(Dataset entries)
- Opening Delimiter -

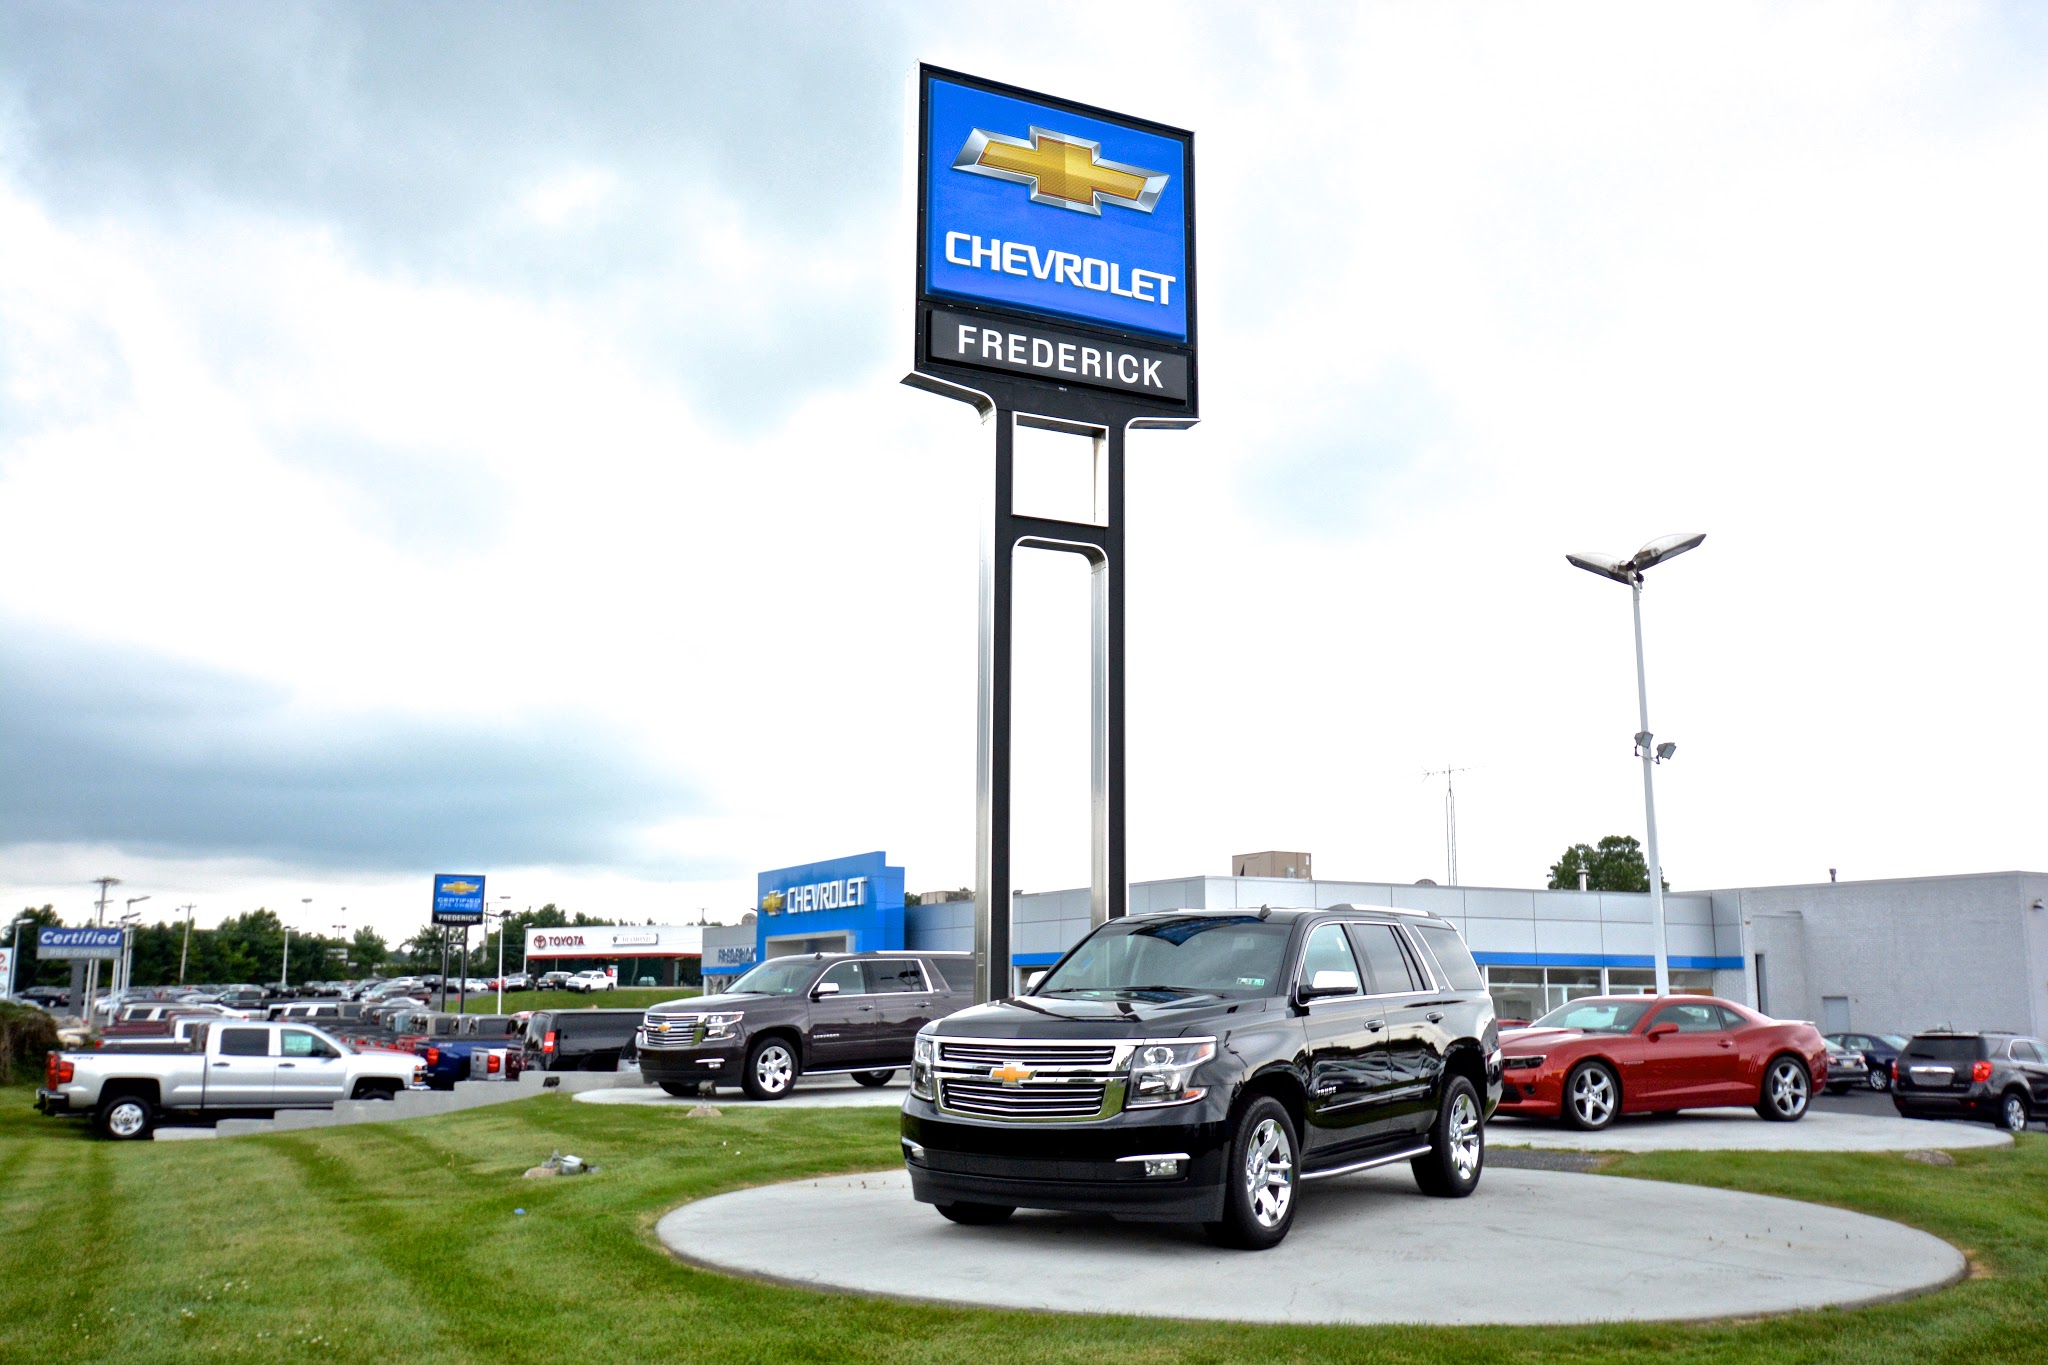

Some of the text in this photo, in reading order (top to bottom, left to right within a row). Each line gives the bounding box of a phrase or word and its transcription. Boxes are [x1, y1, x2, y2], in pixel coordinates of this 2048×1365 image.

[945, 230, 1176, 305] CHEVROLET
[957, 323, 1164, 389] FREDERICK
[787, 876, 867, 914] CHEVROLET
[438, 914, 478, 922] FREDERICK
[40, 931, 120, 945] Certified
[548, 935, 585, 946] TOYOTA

- Closing Delimiter -

* WHAT IS REQUIRED
Set down all of the entries exactly as they appear, but keep the images out.

* ANSWER SECTION
Some of the text in this photo, in reading order (top to bottom, left to right within a row). Each line gives the bounding box of a phrase or word and its transcription. Boxes are [x1, y1, x2, y2], in pixel coordinates of this 2048×1365 image.

[945, 230, 1176, 305] CHEVROLET
[957, 323, 1164, 389] FREDERICK
[787, 876, 867, 914] CHEVROLET
[438, 914, 478, 922] FREDERICK
[40, 931, 120, 945] Certified
[548, 935, 585, 946] TOYOTA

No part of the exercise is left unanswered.